Your instructions: Give the data again in full, without pictures.

Data extracts:
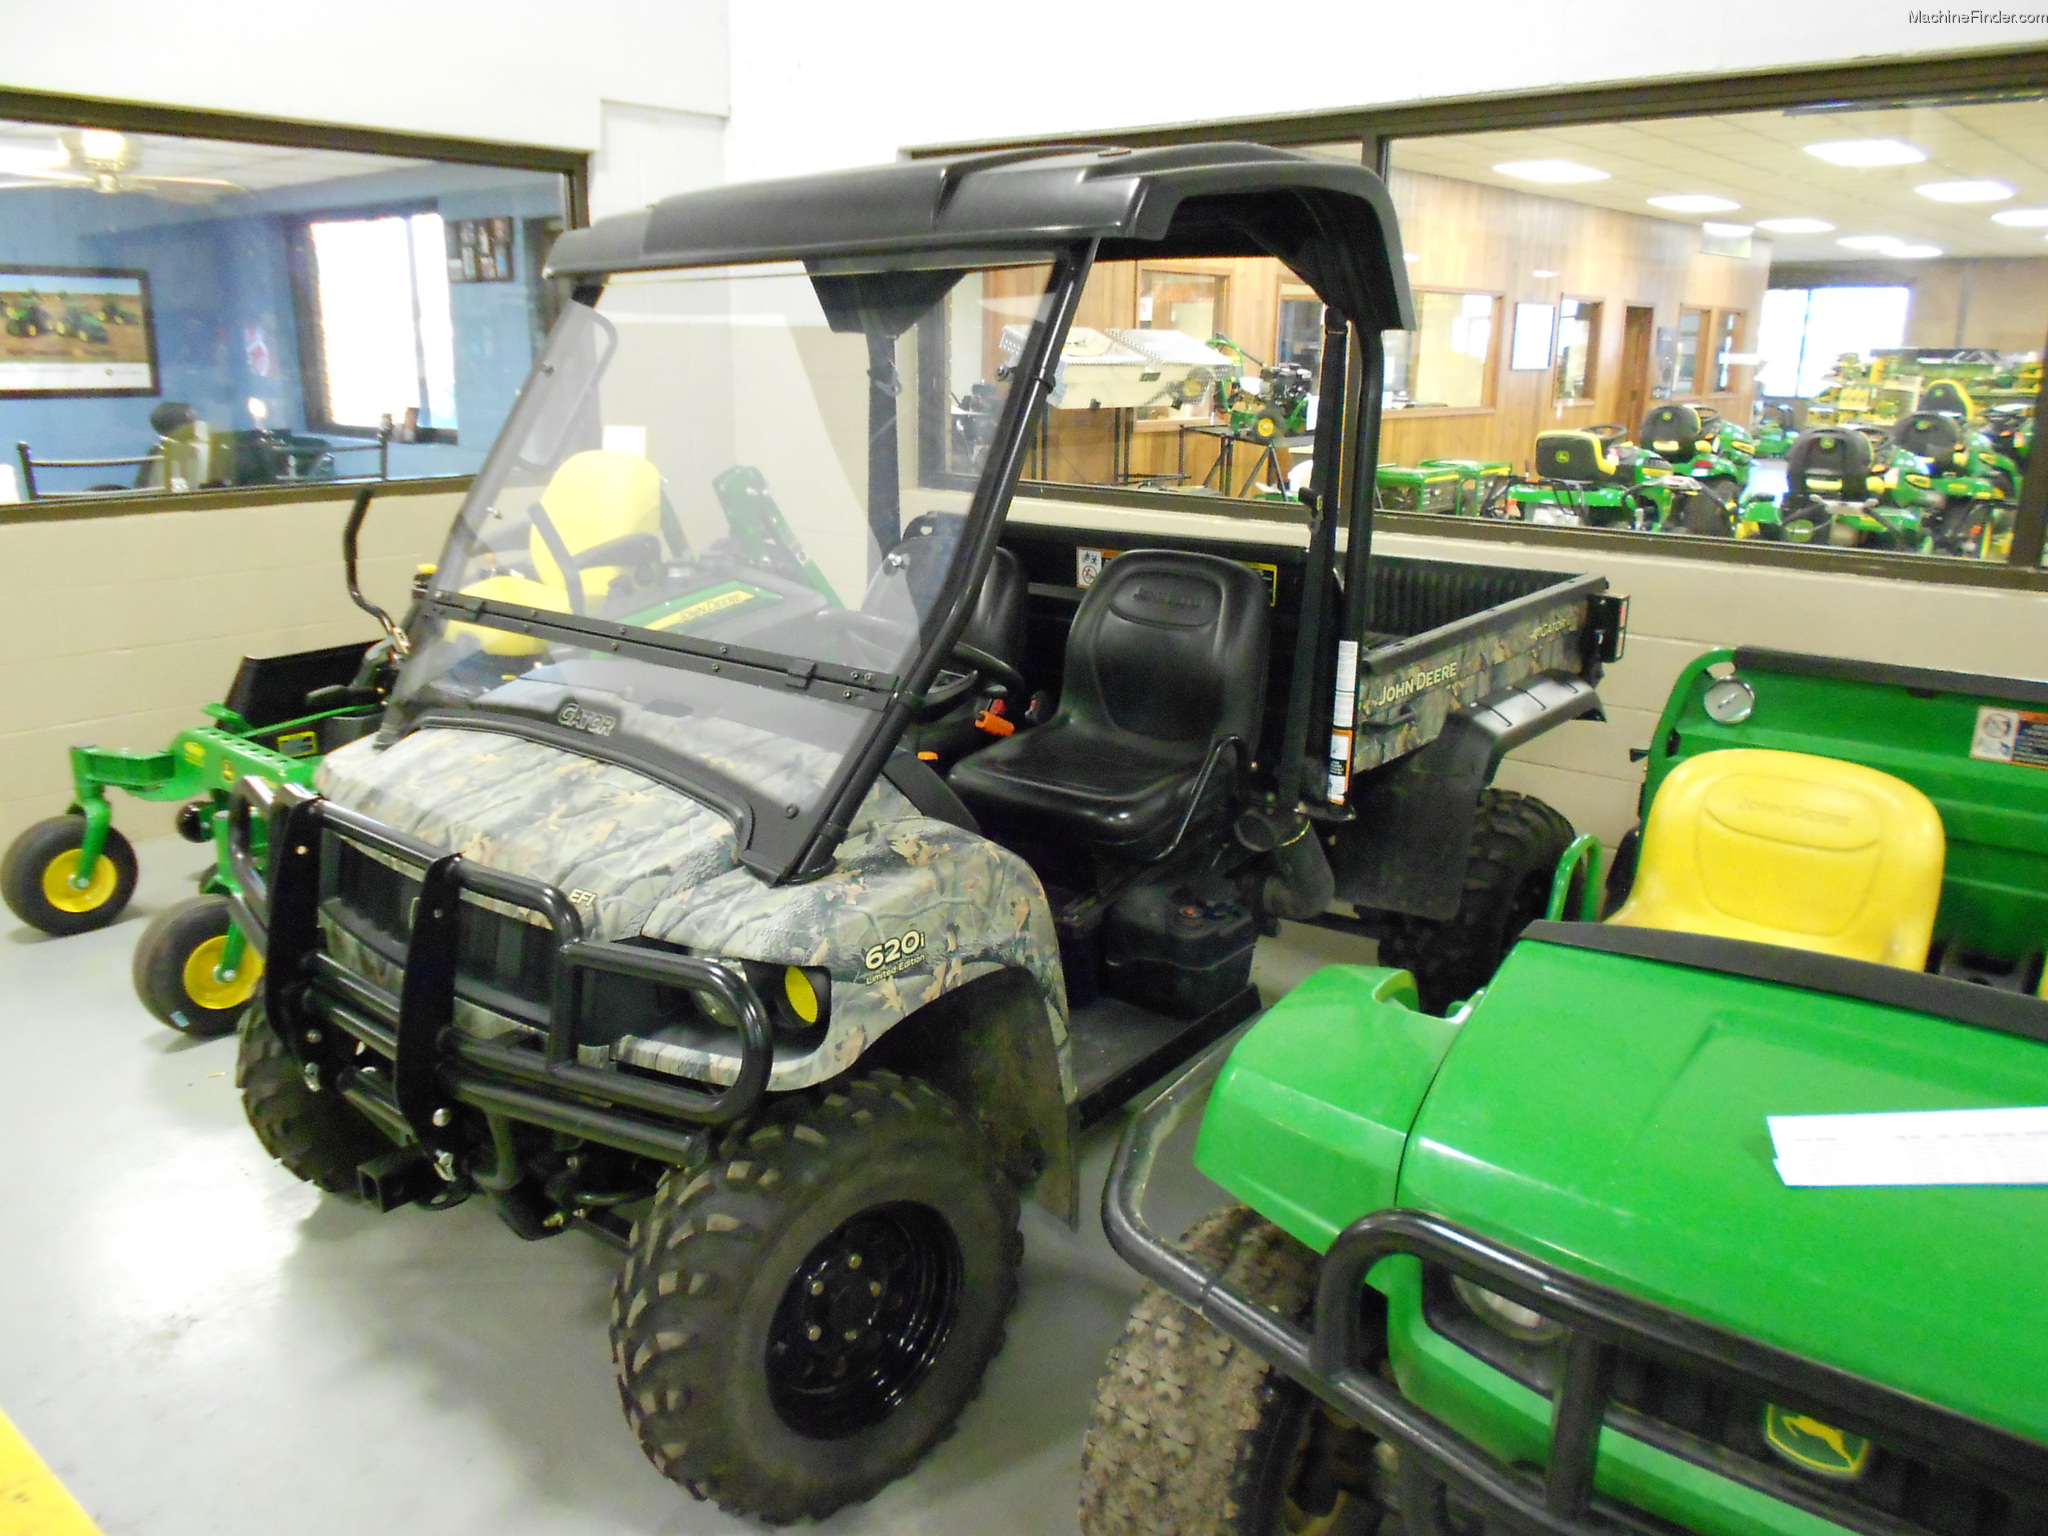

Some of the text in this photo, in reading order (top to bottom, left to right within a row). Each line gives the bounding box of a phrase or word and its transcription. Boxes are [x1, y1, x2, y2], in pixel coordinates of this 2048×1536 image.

[680, 593, 741, 623] JOHN DEERE
[1379, 662, 1458, 706] JOHN DEERE
[558, 702, 616, 737] GATOR
[568, 887, 597, 907] EFI
[865, 929, 926, 971] 620i
[865, 953, 926, 986] Limited Edition

Task output:
Some of the text in this photo, in reading order (top to bottom, left to right within a row). Each line gives the bounding box of a phrase or word and its transcription. Boxes are [x1, y1, x2, y2], in pixel coordinates of this 2048×1536 image.

[680, 593, 741, 623] JOHN DEERE
[1379, 662, 1458, 706] JOHN DEERE
[558, 702, 616, 737] GATOR
[568, 887, 597, 907] EFI
[865, 929, 926, 971] 620i
[865, 953, 926, 986] Limited Edition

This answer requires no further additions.